Walid Denguir«Les autorités tunisiennes devraient s’assurer que leur enquête sur la mort d’un homme, peu après que la police de Tunis l’ait arrêté le 1er novembre 2013, soit rapide et approfondie», a déclaré Human Rights Watch à travers un communiqué dans lequel l’organisation revient sur les circonstances détaillées du drame.

HRW, affirme que «la police a arrêté Walid Denguir, 34 ans, dans le quartier populaire de Bab Jedid, peu après 16 heures le 1er novembre.
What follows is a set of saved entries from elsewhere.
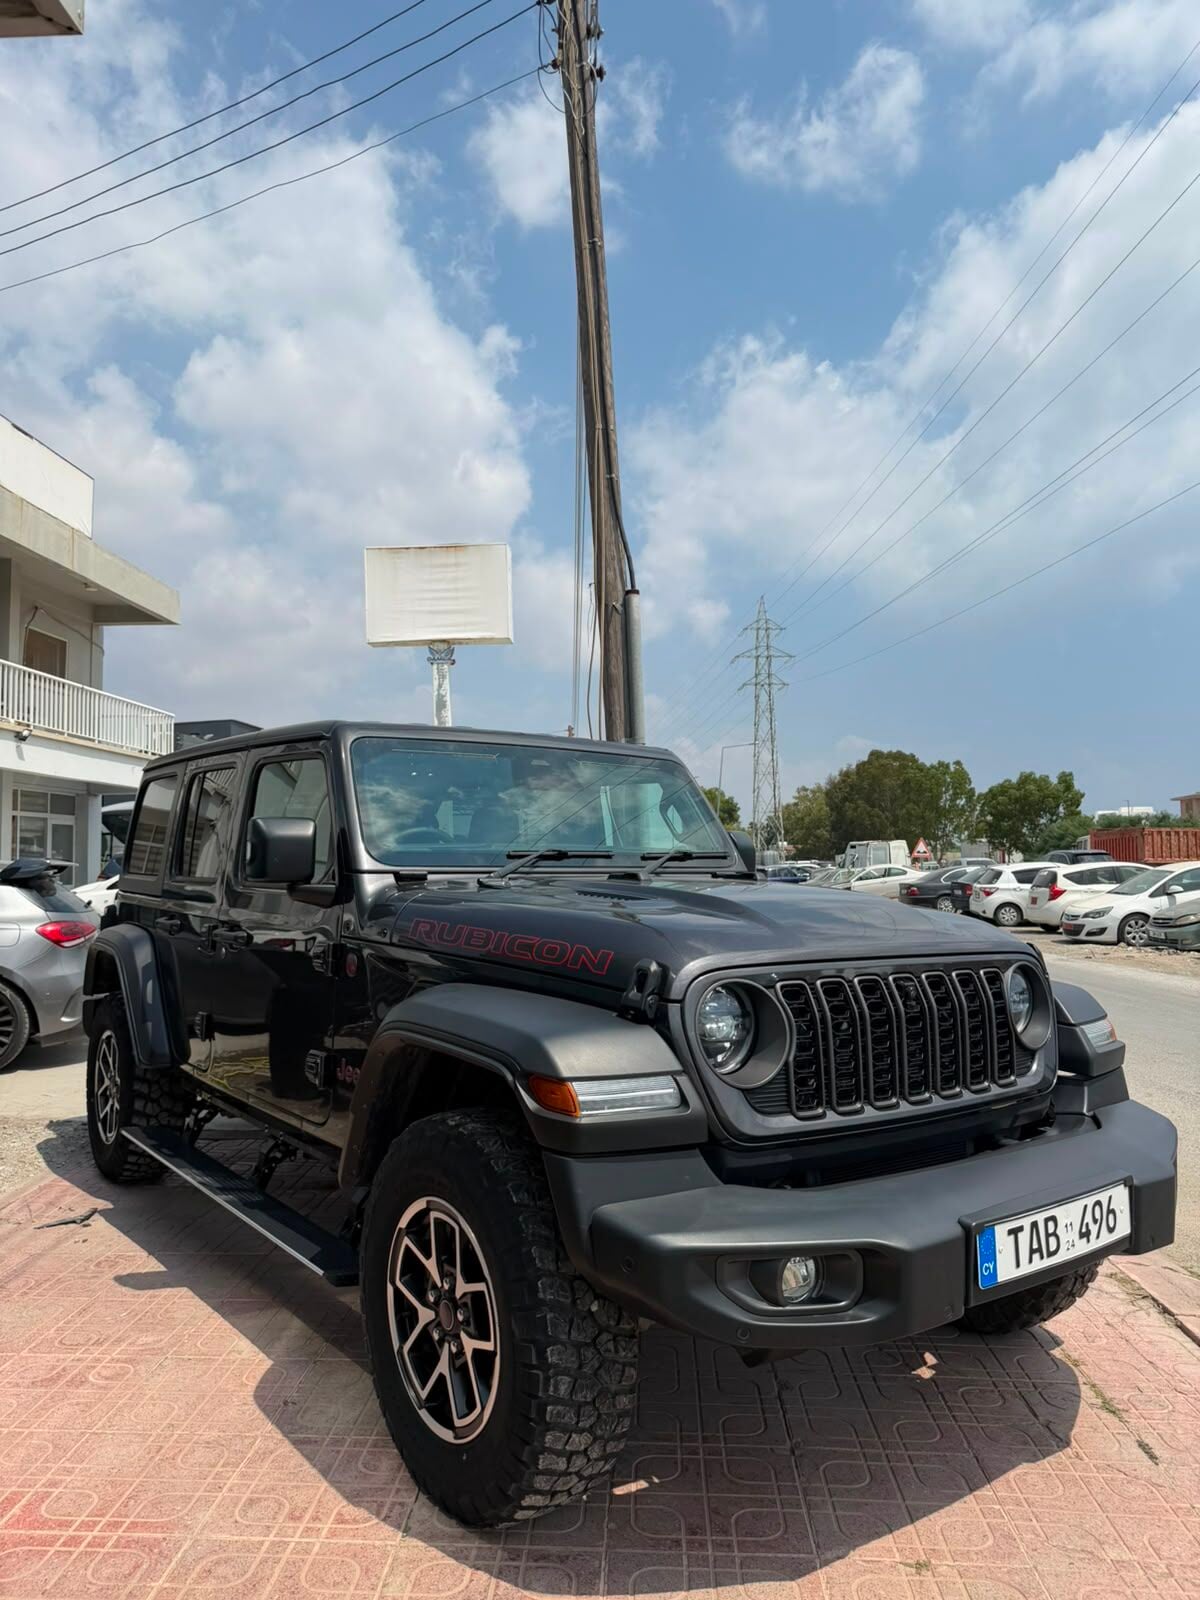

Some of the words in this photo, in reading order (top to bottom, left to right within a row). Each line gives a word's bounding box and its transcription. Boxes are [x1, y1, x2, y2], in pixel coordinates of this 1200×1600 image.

[408, 917, 615, 976] RUBICON
[336, 1057, 361, 1083] Jee
[1007, 1214, 1061, 1269] TAB
[1078, 1194, 1117, 1244] 496
[1064, 1221, 1074, 1233] 11
[1065, 1239, 1076, 1251] 24
[982, 1261, 994, 1276] CY
Environ une heure plus tard, sa mère, Faouzia Rezgui, a reçu un appel téléphonique d’un agent de police lui disant qu’il était mort». Selon le témoignage de sa mère Faouzia Rezgui, le corps de son fils, semblait avoir des traumatismes crâniens et de nombreuses contusions, a-t-elle indiqué à HRW.

Face au flou qui entoure cette affaire, Eric Goldstein, directeur adjoint de la division Moyen-Orient et Afrique du Nord à Human Rights Watch déclare que «la famille de Walid Denguir a le droit de savoir comment il s’est retrouvé mort avec des ecchymoses sur le dos et éventuellement une fracture du crâne peu après que la police l’ait arrêté», et insiste sur l’ouverture d’une enquête pénale indépendante et approfondie sur cette mort.

Cette affaire remet la question de la torture et des mauvais traitements sur la table. HRW rappelle, dans cet ordre d’idées que les Principes des Nations Unies relatifs à la prévention efficace des exécutions extrajudiciaires, arbitraires et sommaires prévoient qu’«il doit y avoir une enquête approfondie, rapide et impartiale» sur tous les cas suspects de mort non naturelle en garde à vue. Les méthodes et les résultats détaillés de l’enquête doivent être rendus publics et le gouvernement devrait s’assurer que les personnes identifiées par l’enquête comme ayant participé à un homicide illégal soient traduites en justice.